After Doha: what is the future of world trade?

The failure of the Doha Round of trade liberalisation doesn't mean the end of globalisation, says Morgan Stanley economist Stephen Roach. Global trade volumes are increasing at a great rate. What it does demonstrate is the increasing politicisation of world trade.

Too much has been made of the apparent failure of the Doha Round of trade liberalization. It does not spell the end of globalization. Nor does it signal an imminent threat to the expansion of cross-border trade. Instead, the lessons of Doha bear more on the trust factor - the unwillingness of the world's body politic to buy into the win-win boosterism of globalization. In the rough and tumble arena of global competition, that may be par for the course - but hardly the disaster that the breakdown of trade talks was widely made out to be.

The Doha Round was probably doomed from the start. Conceived in the highly emotional aftermath of 9/11 as a politically motivated endorsement of globalization, there was great hope for a major new breakthrough on the world trade front. However, it turns out that the macro climate made concessions exceedingly difficult for rich and poor countries, alike. The seemingly intractable battle over agricultural subsidies - always a contentious issue under the best of circumstances - was a foil for much deeper-rooted misgivings. A powerful global labor arbitrage put employment and real wages under intense pressures in the developed world - causing great resistance to a further lowering of trade barriers in the industrial world. And rapidly growing export-led developing countries resented being cast in the role of scapegoats - giving them little incentive to offer concessions of their own. For about a year, the handwriting has been on the wall that this round of trade liberalization was going nowhere. By the time the talks finally collapsed, expectations were so low that not all that much was really lost.

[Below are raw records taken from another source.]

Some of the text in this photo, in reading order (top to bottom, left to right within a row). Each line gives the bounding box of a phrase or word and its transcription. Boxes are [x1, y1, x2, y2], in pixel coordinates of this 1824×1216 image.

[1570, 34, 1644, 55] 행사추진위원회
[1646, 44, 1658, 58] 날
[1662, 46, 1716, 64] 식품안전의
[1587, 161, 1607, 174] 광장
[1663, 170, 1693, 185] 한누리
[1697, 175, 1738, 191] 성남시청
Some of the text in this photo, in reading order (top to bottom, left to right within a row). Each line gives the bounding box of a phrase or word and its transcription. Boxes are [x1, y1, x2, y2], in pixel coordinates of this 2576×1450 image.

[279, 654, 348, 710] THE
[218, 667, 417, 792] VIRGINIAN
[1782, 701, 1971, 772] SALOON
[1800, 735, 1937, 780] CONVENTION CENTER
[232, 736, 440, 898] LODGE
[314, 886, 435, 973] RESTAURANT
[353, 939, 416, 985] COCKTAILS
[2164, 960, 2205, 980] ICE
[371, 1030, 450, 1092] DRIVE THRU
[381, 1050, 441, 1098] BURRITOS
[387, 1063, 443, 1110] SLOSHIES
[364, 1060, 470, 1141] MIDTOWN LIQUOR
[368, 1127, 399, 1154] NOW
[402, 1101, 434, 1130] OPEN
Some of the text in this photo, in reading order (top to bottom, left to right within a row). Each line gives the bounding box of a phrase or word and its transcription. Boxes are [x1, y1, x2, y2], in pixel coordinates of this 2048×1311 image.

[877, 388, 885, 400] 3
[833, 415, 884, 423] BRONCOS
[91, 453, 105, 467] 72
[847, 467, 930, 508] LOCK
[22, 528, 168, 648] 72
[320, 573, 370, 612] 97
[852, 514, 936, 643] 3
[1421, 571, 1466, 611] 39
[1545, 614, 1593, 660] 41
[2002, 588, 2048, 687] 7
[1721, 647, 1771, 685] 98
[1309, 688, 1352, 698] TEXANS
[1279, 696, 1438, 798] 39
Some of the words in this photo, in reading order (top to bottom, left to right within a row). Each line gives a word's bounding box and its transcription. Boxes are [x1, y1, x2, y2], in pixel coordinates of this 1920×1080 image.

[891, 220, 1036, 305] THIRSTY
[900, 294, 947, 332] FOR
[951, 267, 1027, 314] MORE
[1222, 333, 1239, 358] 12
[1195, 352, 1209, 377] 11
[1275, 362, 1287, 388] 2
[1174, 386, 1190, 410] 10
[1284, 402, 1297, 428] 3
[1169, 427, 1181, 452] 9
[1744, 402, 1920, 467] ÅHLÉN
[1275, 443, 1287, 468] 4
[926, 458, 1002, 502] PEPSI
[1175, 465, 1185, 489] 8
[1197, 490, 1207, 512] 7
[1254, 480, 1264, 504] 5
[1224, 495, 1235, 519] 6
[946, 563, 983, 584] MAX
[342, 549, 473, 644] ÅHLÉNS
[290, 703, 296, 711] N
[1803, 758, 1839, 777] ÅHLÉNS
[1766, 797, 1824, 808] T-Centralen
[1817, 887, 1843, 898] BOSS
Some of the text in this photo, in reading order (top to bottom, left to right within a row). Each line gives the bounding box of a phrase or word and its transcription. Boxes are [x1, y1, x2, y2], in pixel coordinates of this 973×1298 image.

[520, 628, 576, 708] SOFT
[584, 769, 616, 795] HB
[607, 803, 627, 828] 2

World trade: growth in trade volumes

In the end, the global trade dynamic matters much more than a high-profile media event staged around a breakthrough in multilateral negotiations. Despite repeatedly stiff resistance to the Doha agenda for nearly five years, there can be no mistaking the powerful gains in world trade that have occurred over that same period. Global trade volumes - calculated as the average of export and import growth - rose by 6.6% per annum over the 2002-05 period; that pace was about 50% faster than the 4.3% average world GDP growth over the same time frame. As a result, the ratio of exports to world GDP rose by 4.0 percentage points from 24.1% in 2001 to 28.1% in 2005 - the strongest four-year increase since the early 1970s.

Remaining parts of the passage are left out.